Lexington Realty Trust | Page 3 of 10 |
2007 EARNINGS GUIDANCE
Lexington reaffirmed its previously disclosed 2007, full-year per diluted share Company FFO guidance range of $1.75 to $1.85. This guidance is based on current expectations and is forward-looking.
INVESTMENT ACTIVITY
Acquisitions
During the quarter ended March 31, 2007, Lexington acquired interests in the following four real estate assets, for an aggregate purchase price of approximately $78.9 million.
Orlando, Florida
Lexington Strategic Asset Corp. (“LSAC”), a consolidated subsidiary of Lexington, acquired a single-story, 59,927 square foot educational facility in Orlando, Florida for approximately $14.3 million. The purchase by LSAC was financed with cash balances and a non-recourse first mortgage loan of $10.0 million. The loan bears interest at a fixed-rate of 5.72% and matures in 2017.
The educational facility is 100% net leased to Corinthian Colleges, Inc. with an initial lease term expiring in September 2013. The educational facility is on a 6.78 acre parcel of land located within close proximity to Orlando International Airport, the Florida Turnpike and the Beeline Expressway. Corinthian Colleges, Inc. is one of the largest post-secondary education companies in North America.
Boston, Massachusetts
Lexington acquired a ten-story, 52,337 square foot medical office building in downtown Boston, Massachusetts for approximately $20.0 million. The purchase was financed with cash balances.
The medical office building is 100% net leased to Harvard Vanguard Medical Associates with an initial lease term expiring in May 2012. The medical office building is located in downtown Boston at 147 Milk Street at Post Office Square, in close proximity to Interstates 93 and 90, Faneuil Hall Marketplace, and Boston Common. Harvard Vanguard Medical Associates is a multi-specialty medical group practice with over 500 physicians and 21 offices in Greater Boston.
Shreveport, Louisiana
Lexington acquired a 646,000 square foot distribution facility located in Shreveport, Louisiana for approximately $26.6 million. The purchase was financed with cash balances.
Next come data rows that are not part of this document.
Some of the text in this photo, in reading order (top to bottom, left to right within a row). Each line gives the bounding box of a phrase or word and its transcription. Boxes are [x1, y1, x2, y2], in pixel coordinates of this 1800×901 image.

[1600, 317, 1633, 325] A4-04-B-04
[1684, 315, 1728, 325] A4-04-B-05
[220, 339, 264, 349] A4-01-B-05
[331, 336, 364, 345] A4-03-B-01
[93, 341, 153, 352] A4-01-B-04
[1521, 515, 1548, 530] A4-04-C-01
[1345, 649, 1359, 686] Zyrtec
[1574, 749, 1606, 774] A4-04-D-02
The distribution facility, developed in 2006, is 100% net leased to Libbey Glass, Inc. with an initial lease term expiring in October 2026. The facility is situated on a 78-acre parcel of land and can support an expansion should the tenant elect to expand. Libbey Glass, Inc. engages in the design, manufacture, marketing, and supply of tableware products primarily in the United States and Canada, as well as in Latin America, Asia, and Europe.
Dallas, Texas
Lexington acquired the Gateway Office Center, a two-story, 101,844 square feet office building, within the greater Dallas area for approximately $18.0 million. The purchase was financed with cash balances.
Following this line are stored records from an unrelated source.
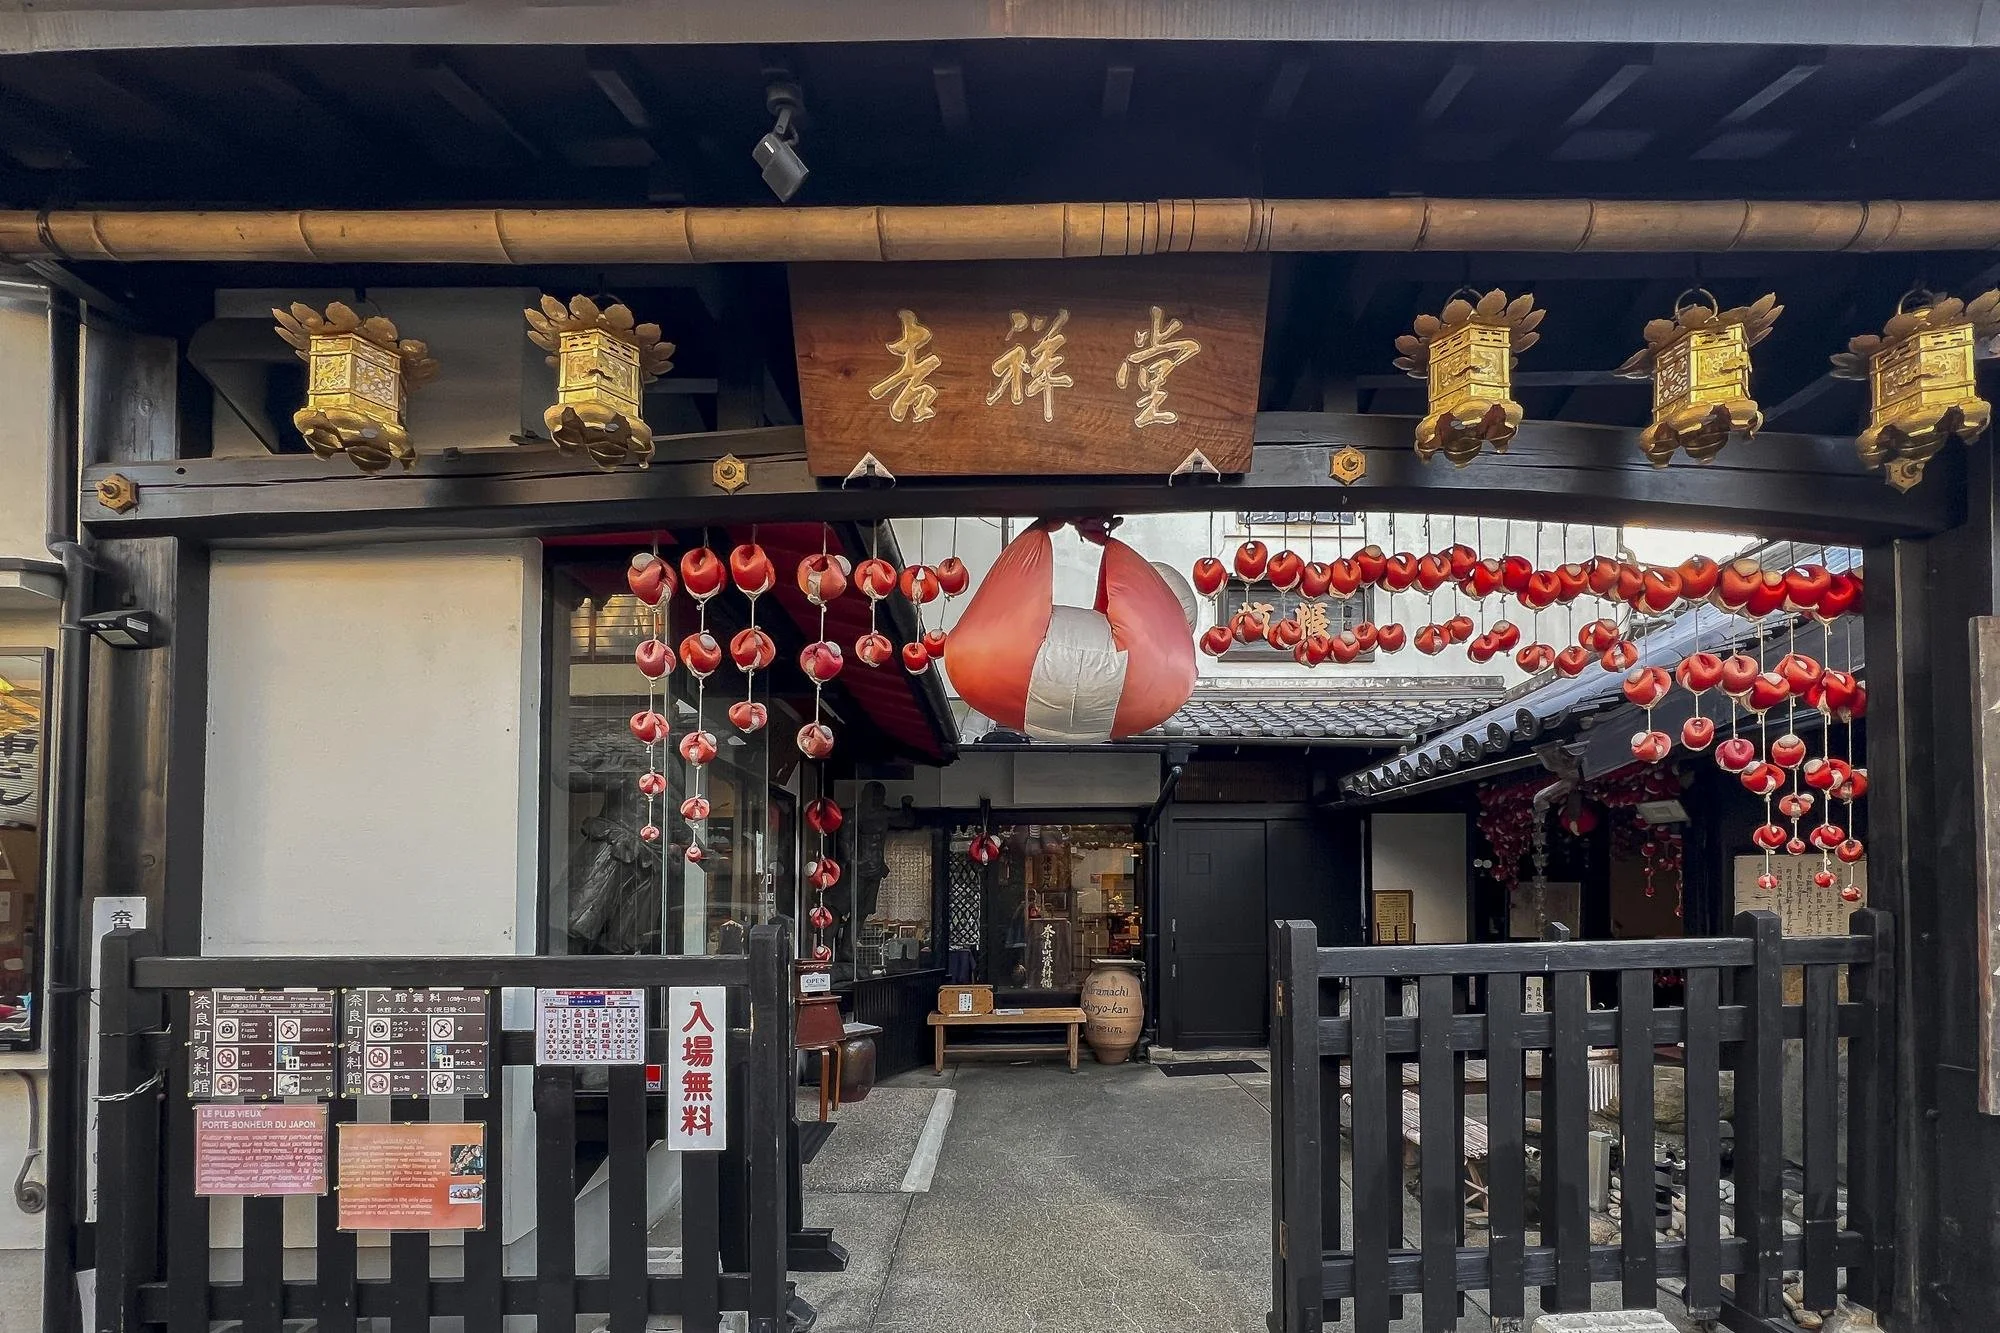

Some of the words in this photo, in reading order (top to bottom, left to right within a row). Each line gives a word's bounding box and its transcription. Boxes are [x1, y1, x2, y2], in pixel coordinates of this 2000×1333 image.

[869, 306, 1201, 428] 吉祥堂
[193, 995, 211, 1093] 奈良町資料館
[346, 994, 363, 1085] 奈良町資料館
[680, 1001, 715, 1136] 入場無料
[202, 1110, 211, 1118] LE
[214, 1110, 235, 1118] PLUS
[237, 1110, 262, 1118] VIEUX
[202, 1121, 273, 1129] PORTE-BONHEUR
[275, 1121, 287, 1129] DU
[288, 1121, 316, 1129] JAPON
The office building, which is 100% net leased, has been occupied by both Brinks, Inc. and Washington Mutual. Subsequent to the purchase a lease amendment was signed with Brinks, Inc. to occupy the entire building, with an initial lease term expiring in April 2017. The Brink’s Company, through its subsidiaries, Brink’s, Incorporated and Brink’s Home Security, Inc., provides transportation and cash
Lexington Realty Trust | Page 4 of 10 |
logistics services in North America, Europe, Middle East, and Africa.
Purchase of shares of Lexington Strategic Asset Corp.
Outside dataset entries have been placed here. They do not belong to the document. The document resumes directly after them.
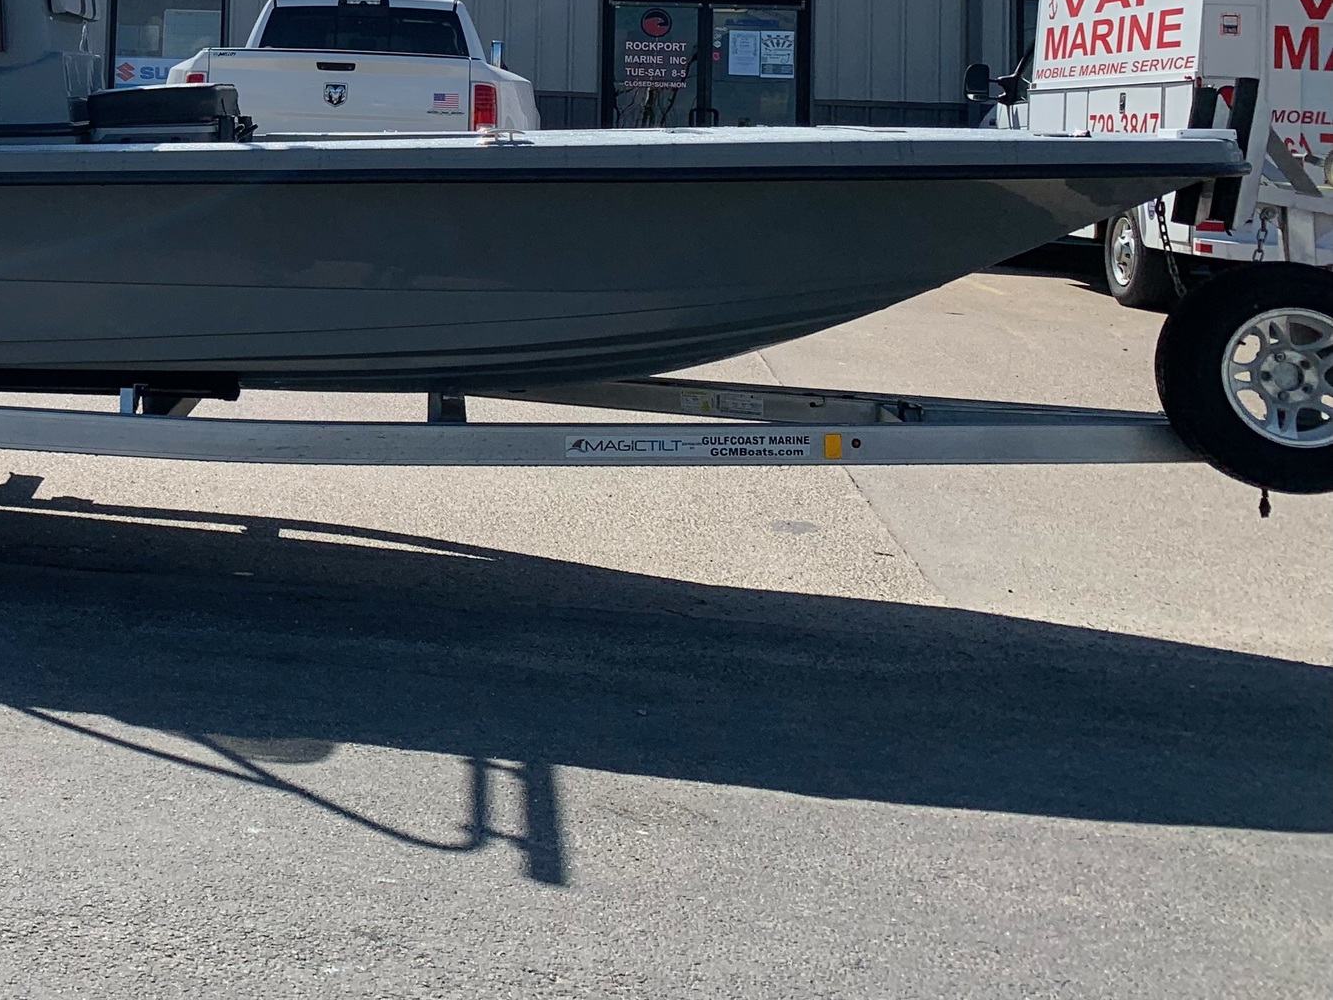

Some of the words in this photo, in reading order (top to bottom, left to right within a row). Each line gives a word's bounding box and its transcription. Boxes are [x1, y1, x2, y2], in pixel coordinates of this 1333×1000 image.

[1044, 7, 1184, 61] MARINE
[625, 41, 687, 52] ROCKPORT
[624, 55, 664, 64] MARINE
[669, 56, 687, 65] INC
[625, 67, 667, 77] TUE-SAT
[671, 69, 687, 78] 8-5
[1035, 65, 1077, 80] MOBILE
[1078, 61, 1129, 76] MARINE
[1131, 55, 1196, 73] SERVICE
[1271, 109, 1333, 125] MOBIL
[584, 439, 683, 452] MAGICTILT
[701, 436, 765, 446] GULFCOAST
[768, 435, 811, 445] MARINE
[709, 447, 804, 457] GCMBoats.com
During the quarter ended March 31, 2007, Lexington increased its investment in LSAC with the purchase of approximately 1.1 million shares of common stock of LSAC for approximately $10.7 million. As a result, Lexington and its affiliates own substantially all of the fully-diluted outstanding shares of common stock of LSAC.
Additionally, LSAC has commenced an offer to repurchase its common stock not owned by Lexington for $10.00 per share. The repurchase of common stock by LSAC will be financed from its general corporate funds.
Dispositions
During the quarter ended March 31, 2007, Lexington sold its interest in four properties for an aggregate price of $41.9 million. All the properties, which were acquired in the year end merger with Newkirk Realty Trust, Inc., were leased to Honeywell International, Inc. and located in Morris Township, New Jersey.
LEASING ACTIVITY
At March 31, 2007, Lexington’s portfolio was approximately 98.0% leased. For the quarter ended March 31, 2007, Lexington executed 23 leases (new and renewal) for approximately 1.1 million square feet.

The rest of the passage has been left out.